Large-scale language models are advanced artificial intelligence systems trained on vast amounts of text data to generate human-like sentences and answer complex questions. Common examples include ChatGPT, created by OpenAI, and similar tools built by companies like Google and Meta. More and more people are using these models for communication, business, and even academic research.

Recently, some scholars have proposed using these models to simulate human participants in social science research. This idea is based on the assumption that the model accurately understands diverse human populations. Researchers conducted this study to test that assumption.

Mohammad Attari, assistant professor of psychology and brain sciences at the University of Massachusetts Amherst, explained the team’s motivation. “Moral psychology already knows that people are not very good at judging the moral values of other groups,” Atari says. “Liberals often misunderstand conservatives, and conservatives misunderstand liberals in predictable ways.”

“As AI plays an increasing role in daily life and even scientific workflows, we had a simple question: Do these systems make the same kinds of accuracy errors?” Atari explained. “In other words, does AI ‘stereotype’ the moral values of different cultural groups?”

“This question is important because the biases built into these systems can covertly influence how information is produced, interpreted, and acted upon,” Atari added. “If so, those biases can shape research questions, influence decision-making, and reinforce misconceptions at scale.”

The authors wanted to see if these models actually understand the morality of the world. Most of the texts that these artificial intelligence systems learn come from Western societies, educated societies, industrialized societies, and rich democratic societies. In psychology, these societies are often referred to by the acronym “WEIRD”.

Because the training data was heavily biased toward a Western perspective, the researchers suspected that the model could produce biased estimates of right and wrong. When a model lacks sufficient information about a particular culture, it tends to fill in the gaps based on statistical patterns from the primary training data. This process is very similar to human stereotyping, where limited exposure leads to overgeneralized beliefs about unfamiliar groups.

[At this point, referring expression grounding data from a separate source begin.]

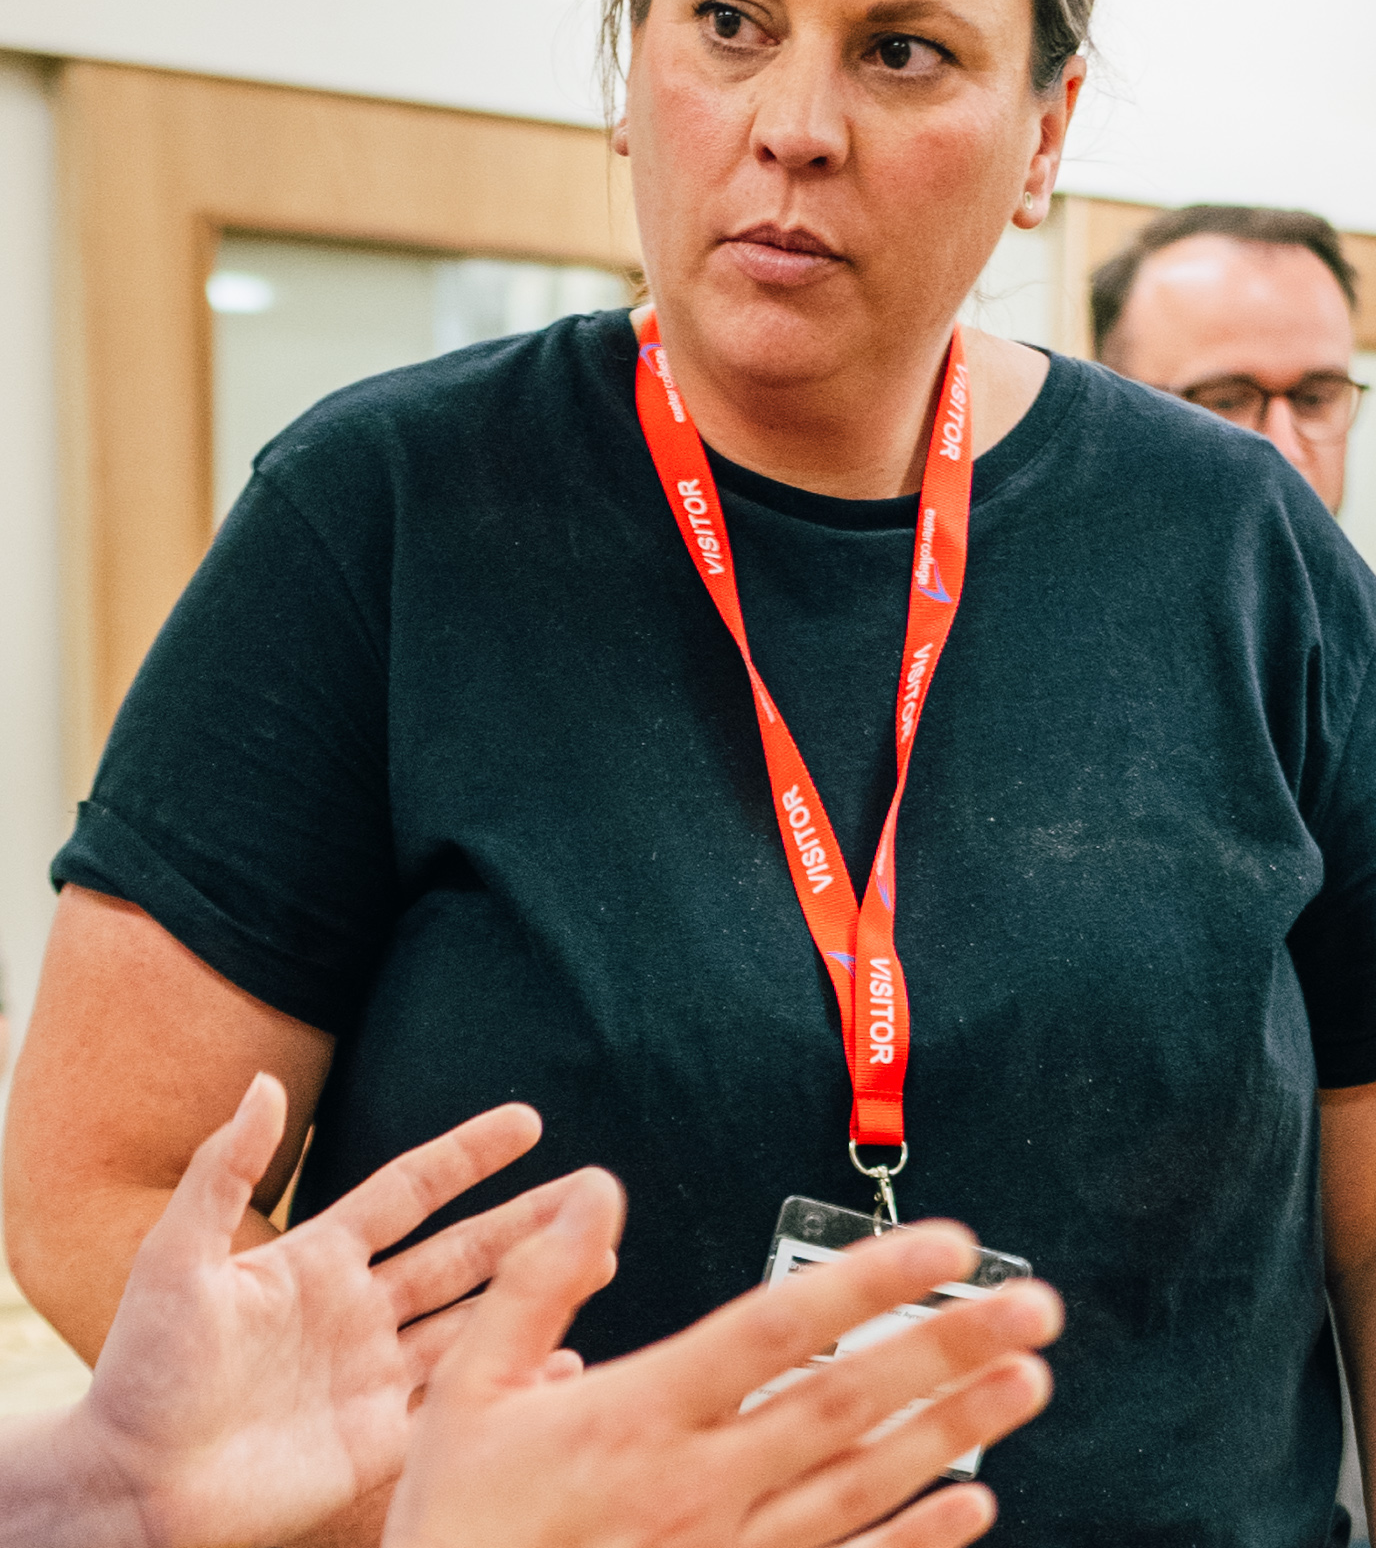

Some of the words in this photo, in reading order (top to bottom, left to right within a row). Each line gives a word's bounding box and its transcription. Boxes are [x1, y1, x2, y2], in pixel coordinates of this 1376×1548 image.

[939, 363, 968, 461] VISITOR
[677, 478, 725, 575] VISITOR
[901, 643, 933, 744] VISITOR
[782, 784, 834, 894] VISITOR
[868, 958, 895, 1065] VISITOR

In human psychology, one common form of stereotypes is known as valence imprecision. This occurs when people overestimate the positive characteristics of groups similar to themselves and underestimate the same positive characteristics of outgroups. The researchers theorized that large-scale language models may exhibit a similar pattern, projecting higher moral concerns onto Western societies while downplaying the moral principles of other countries.

To investigate this, researchers compared moral judgments generated by artificial intelligence to real-world survey data. Human data were obtained from 90,802 participants from 48 countries. These people completed a widely used psychological survey that measures six core dimensions of morality, based on a framework known as Moral Foundations Theory.

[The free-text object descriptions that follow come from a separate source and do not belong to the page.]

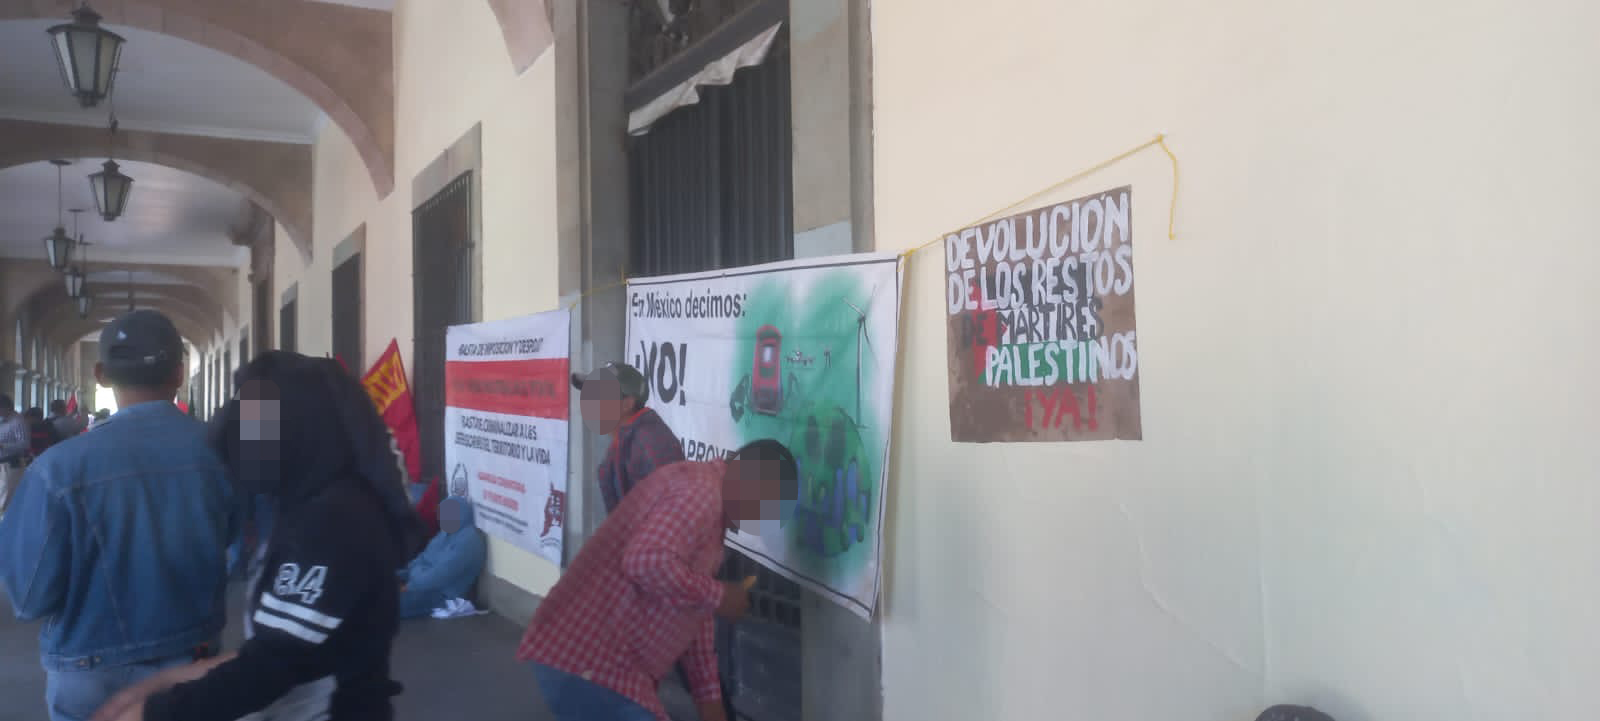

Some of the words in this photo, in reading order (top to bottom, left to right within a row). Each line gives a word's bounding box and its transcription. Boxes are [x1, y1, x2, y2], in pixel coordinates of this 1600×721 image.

[947, 192, 1128, 272] DEVOLUCIÓN
[684, 288, 747, 319] decimos:
[948, 269, 978, 315] DE
[980, 261, 1026, 312] LOS
[1031, 245, 1133, 305] RESTOS
[962, 313, 988, 346] DE
[985, 330, 1138, 388] PALESTINOS
[1025, 384, 1098, 431] ¡YA!
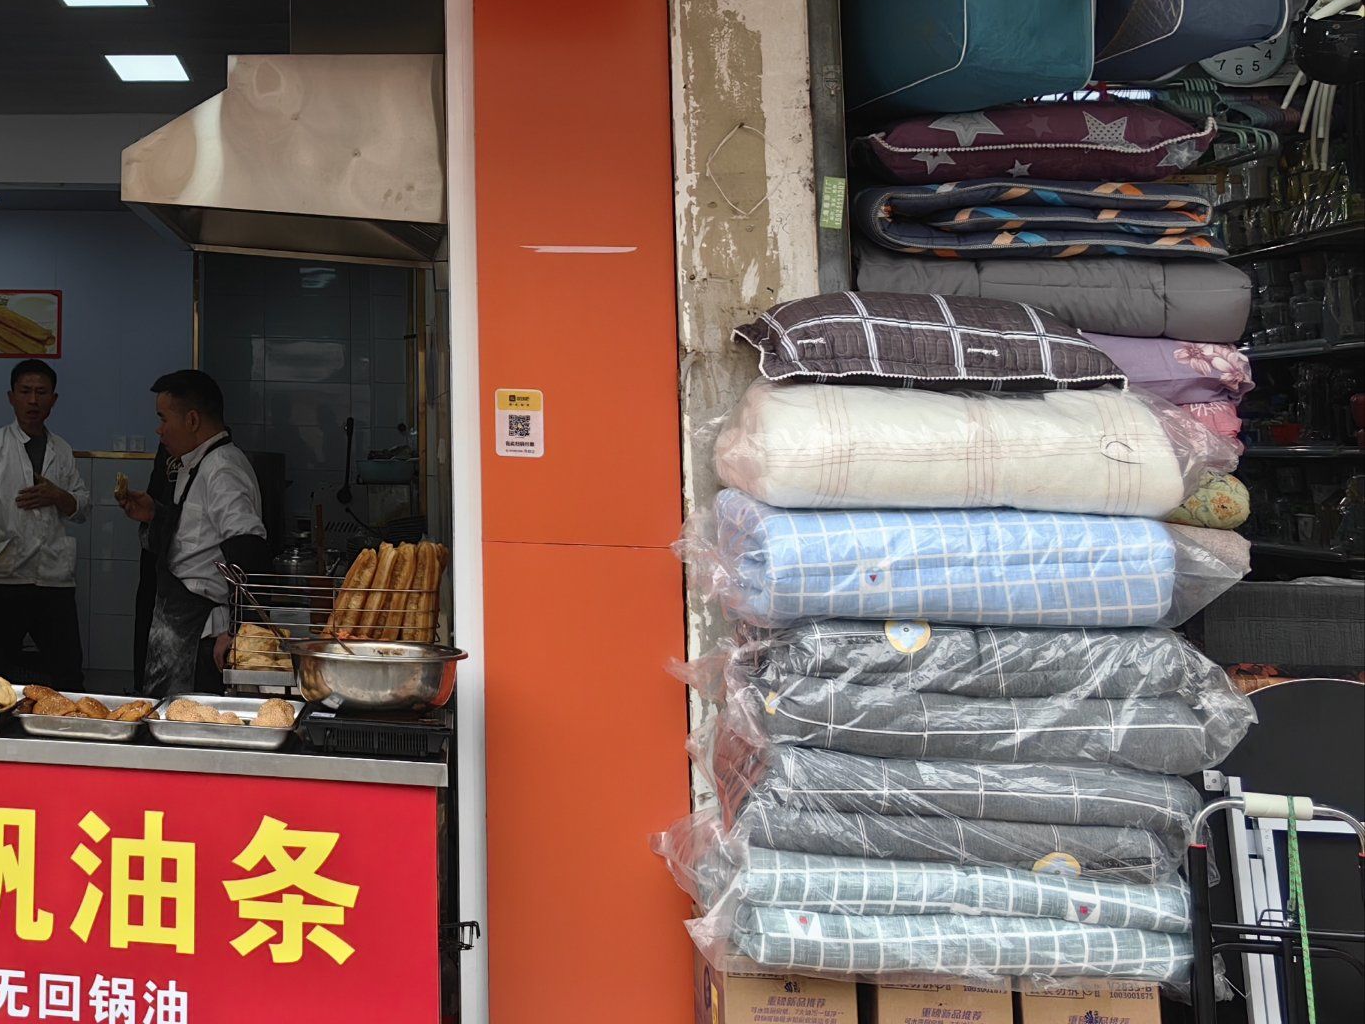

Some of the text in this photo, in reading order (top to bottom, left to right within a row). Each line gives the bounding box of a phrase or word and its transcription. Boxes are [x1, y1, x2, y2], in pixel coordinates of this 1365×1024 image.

[1264, 49, 1272, 60] 4
[1215, 59, 1226, 71] 7
[1235, 64, 1244, 75] 6
[1252, 60, 1260, 71] 5

These six dimensions include care, equality, proportionality, loyalty, authority, and purity. Care is related to the virtue of compassion, and equality focuses on egalitarianism. Proportionality revolves around merit and fair compensation, while loyalty deals with solidarity with a group. Authority relates to tradition and respect for leaders, while purity involves ideas of holiness and avoidance of degradation.

Participants rated these foundation statements on a scale of 1 to 5. The researchers used statistical techniques to adjust human census data to better reflect each country’s actual age and gender demographics, based on World Bank census data.

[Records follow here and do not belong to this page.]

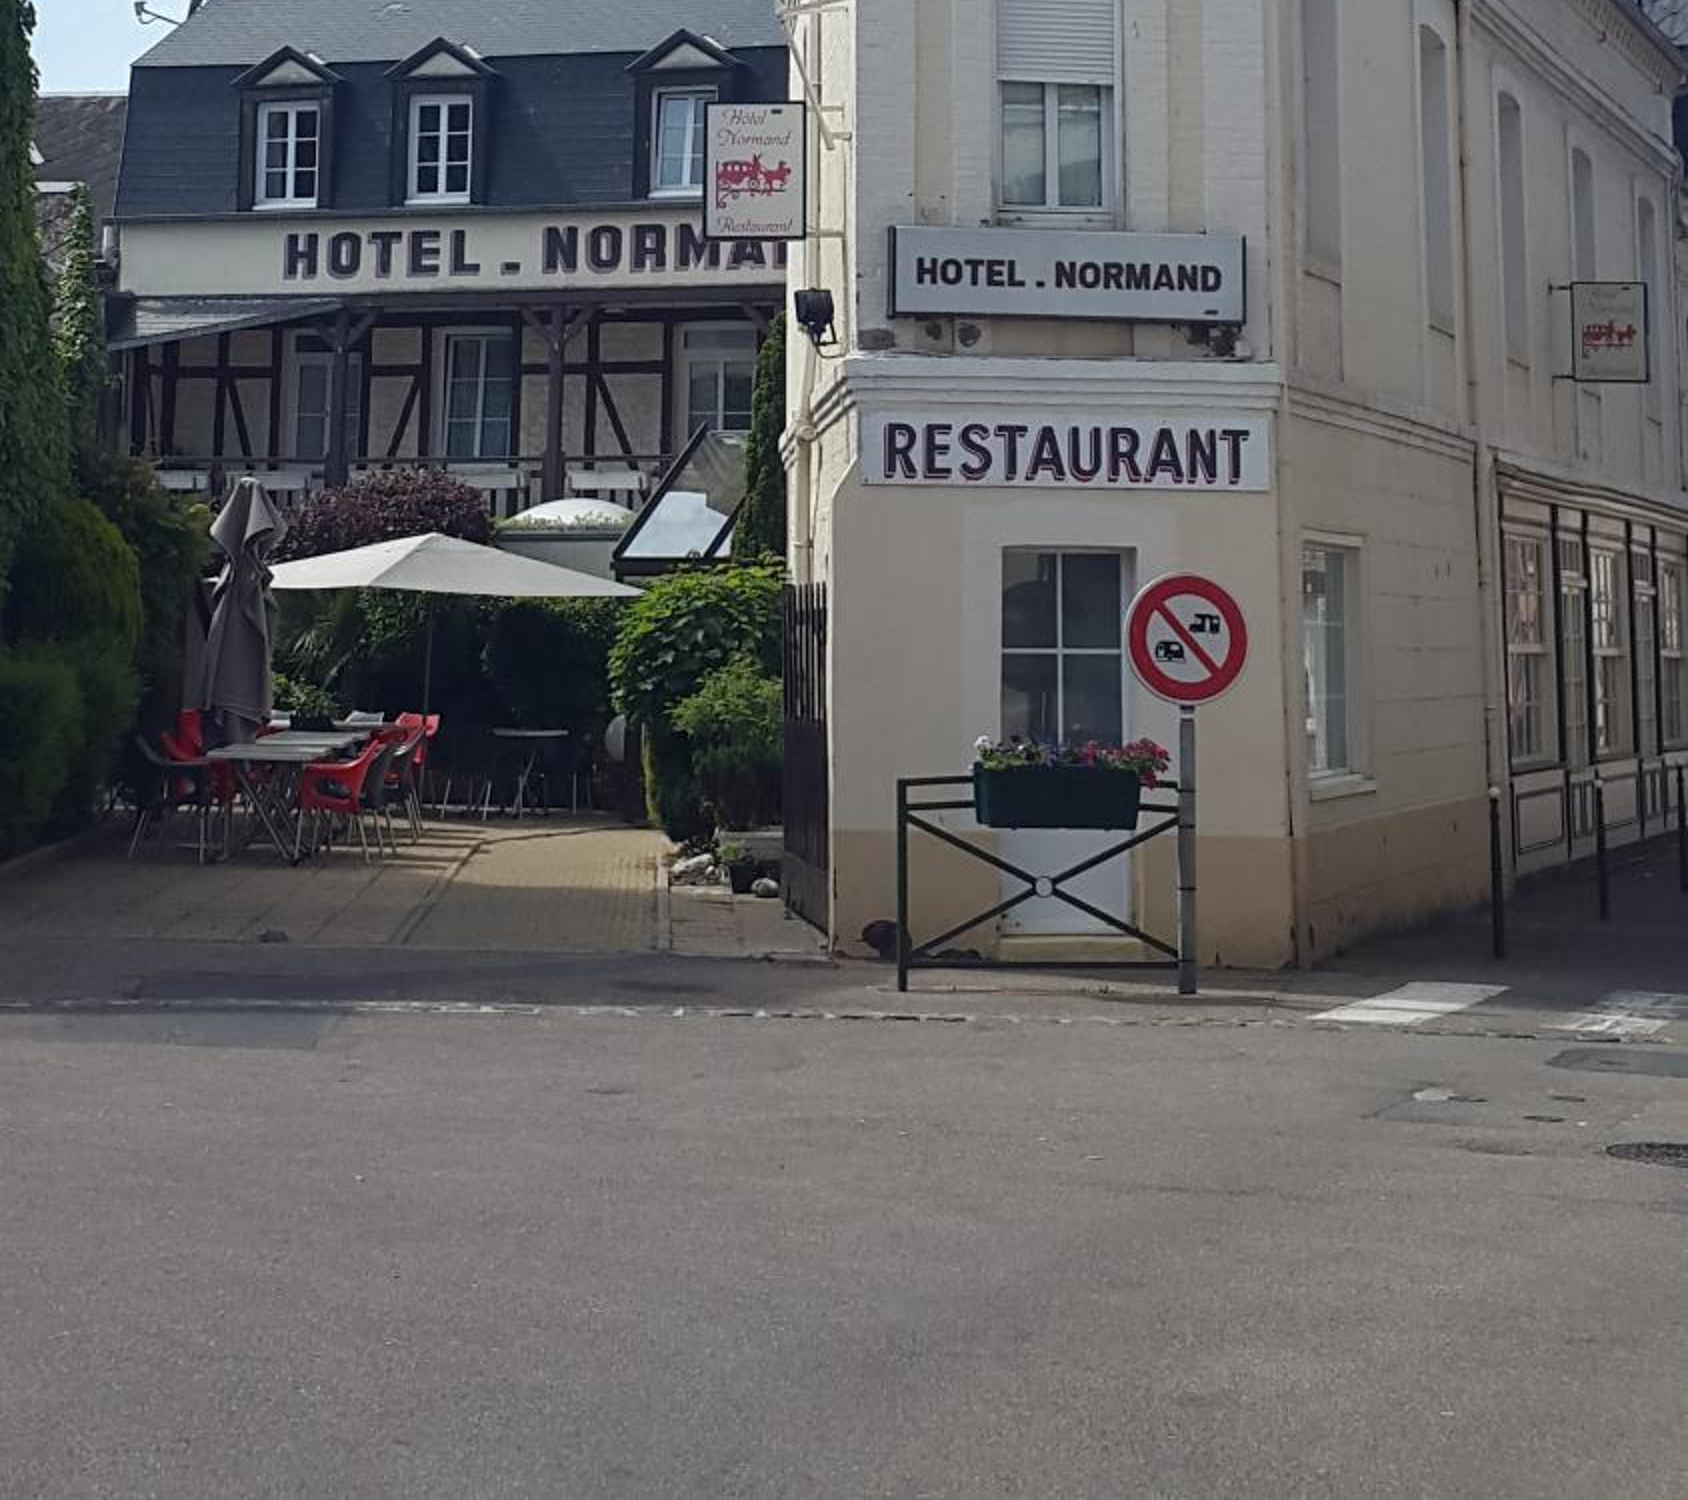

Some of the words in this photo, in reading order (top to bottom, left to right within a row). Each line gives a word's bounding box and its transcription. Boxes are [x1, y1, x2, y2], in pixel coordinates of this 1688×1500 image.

[716, 130, 791, 147] Normand
[716, 217, 793, 233] Restaurant
[284, 229, 480, 280] HOTEL
[541, 223, 787, 273] NORMA
[916, 257, 1026, 288] HOTEL
[1055, 261, 1222, 292] NORMAND
[884, 422, 1250, 485] RESTAURANT

The researchers then inspired the creation of several versions of OpenAI’s language model, including GPT-3.5, GPT-4, and GPT-4o. They asked the model to estimate how the average person in each of 48 countries would respond to the exact same moral question on the same 1 to 5 scale. To ensure consistency, we repeated these queries 10 times per question, producing a large dataset of 103,680 artificial intelligence responses.

The authors also conducted similar tests using Meta’s LLaMa model and Google’s Gemini Pro. They then calculated the statistical difference between the human response and the computer-generated estimate. To conceptually measure the imprecision of a nation’s overall moral concern, the researchers calculated Euclidean distance. This captures how far artificial intelligence’s overall estimates deviate from actual human data across all six moral dimensions.

The model failed to accurately capture the diversity of global moral values. Artificial intelligence systems consistently overestimated the moral concerns of people in Western countries such as the United States, Canada, and Australia. At the same time, the model underestimated the moral values of people in non-Western countries such as Nigeria, Morocco, and Indonesia.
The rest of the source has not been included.